'''
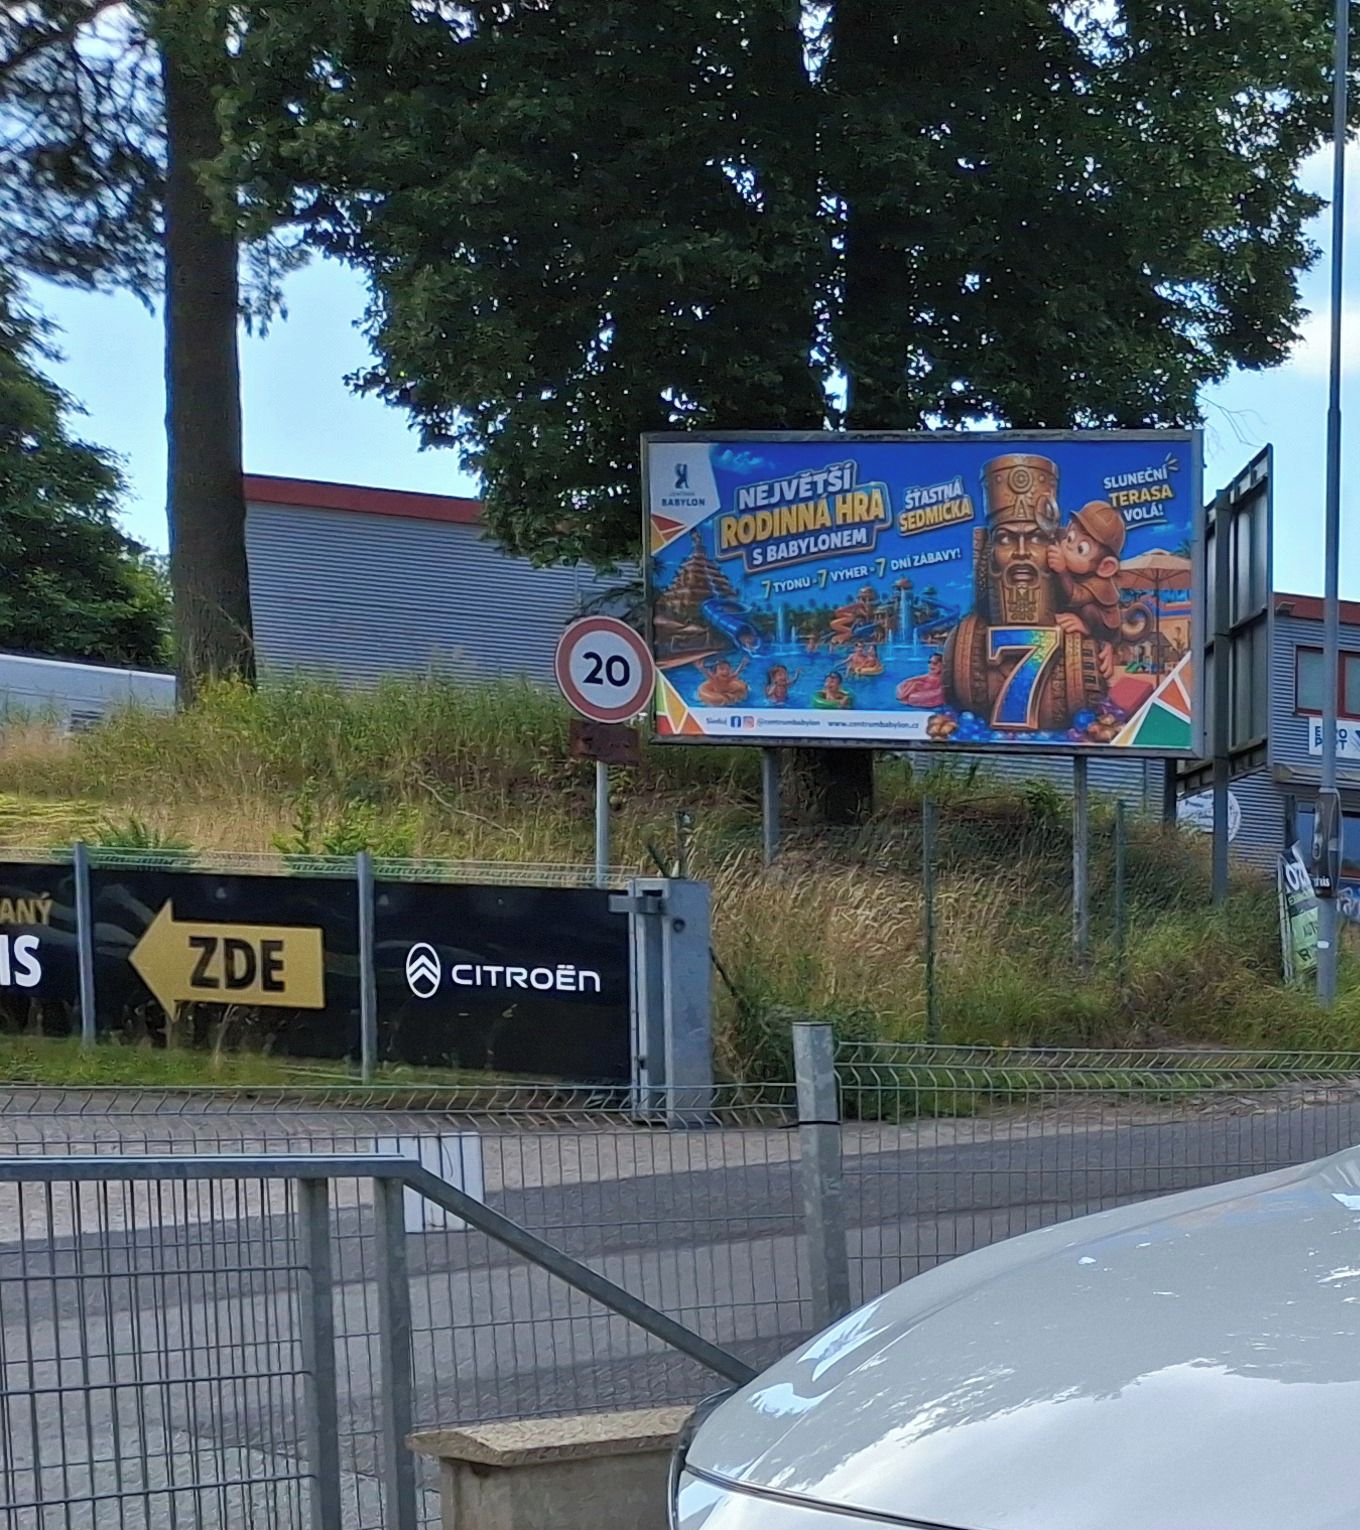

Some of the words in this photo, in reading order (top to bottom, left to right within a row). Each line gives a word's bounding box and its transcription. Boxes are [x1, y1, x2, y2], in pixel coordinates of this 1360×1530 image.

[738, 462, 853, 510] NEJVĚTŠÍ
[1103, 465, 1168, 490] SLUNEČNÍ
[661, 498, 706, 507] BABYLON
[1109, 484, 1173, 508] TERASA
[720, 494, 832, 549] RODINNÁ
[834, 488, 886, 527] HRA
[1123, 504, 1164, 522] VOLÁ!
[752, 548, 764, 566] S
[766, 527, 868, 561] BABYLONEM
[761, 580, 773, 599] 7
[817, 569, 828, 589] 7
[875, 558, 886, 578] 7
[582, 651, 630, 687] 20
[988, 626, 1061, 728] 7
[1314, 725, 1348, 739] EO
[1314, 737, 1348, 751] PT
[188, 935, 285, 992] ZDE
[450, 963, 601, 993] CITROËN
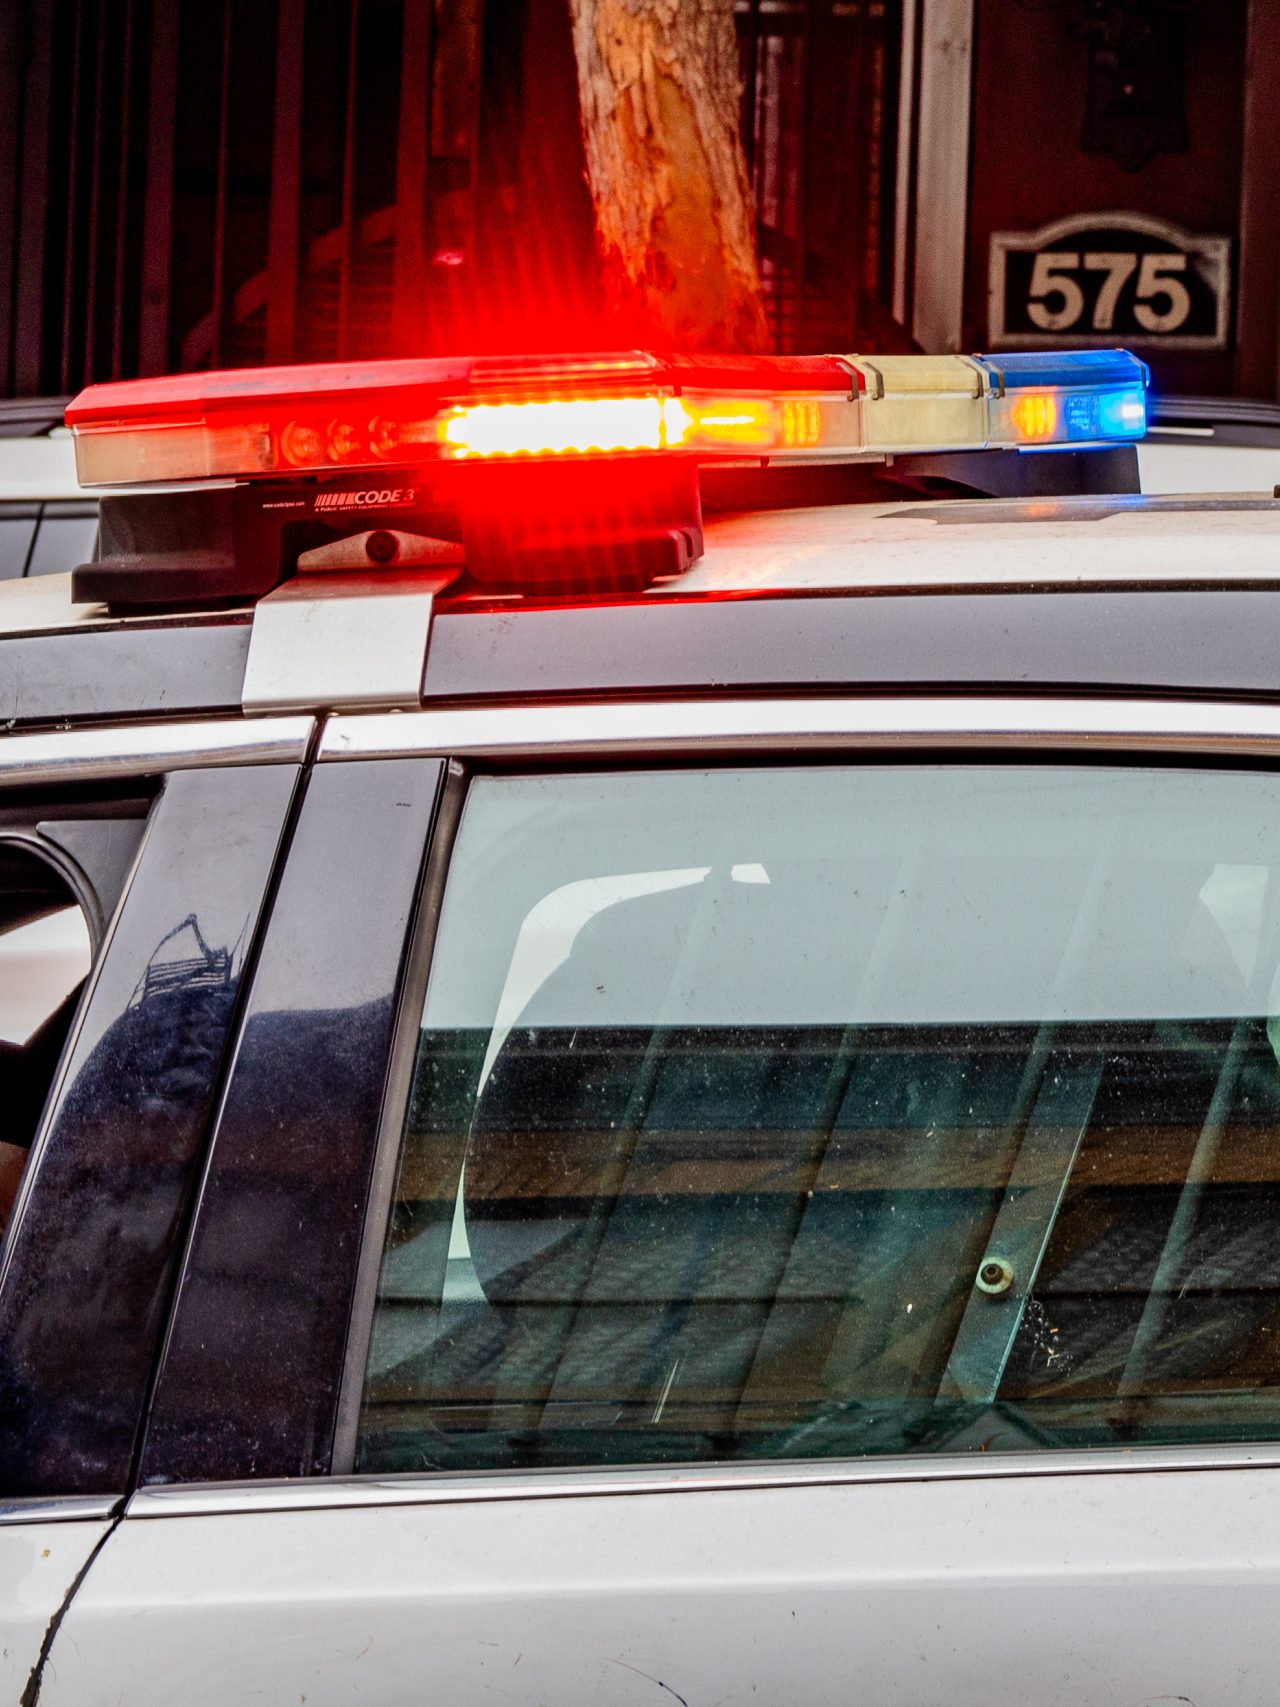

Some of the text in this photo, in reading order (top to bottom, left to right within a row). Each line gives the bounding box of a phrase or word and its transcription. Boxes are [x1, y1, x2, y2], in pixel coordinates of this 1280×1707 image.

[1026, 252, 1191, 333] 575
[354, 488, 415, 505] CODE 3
'''
ACTIVITY: Only the lines from the one containing "Some of the text" through the end of the material belong in the answer, each restated word for word.

RESULT:
Some of the text in this photo, in reading order (top to bottom, left to right within a row). Each line gives the bounding box of a phrase or word and its transcription. Boxes are [x1, y1, x2, y2], in pixel coordinates of this 1280×1707 image.

[1026, 252, 1191, 333] 575
[354, 488, 415, 505] CODE 3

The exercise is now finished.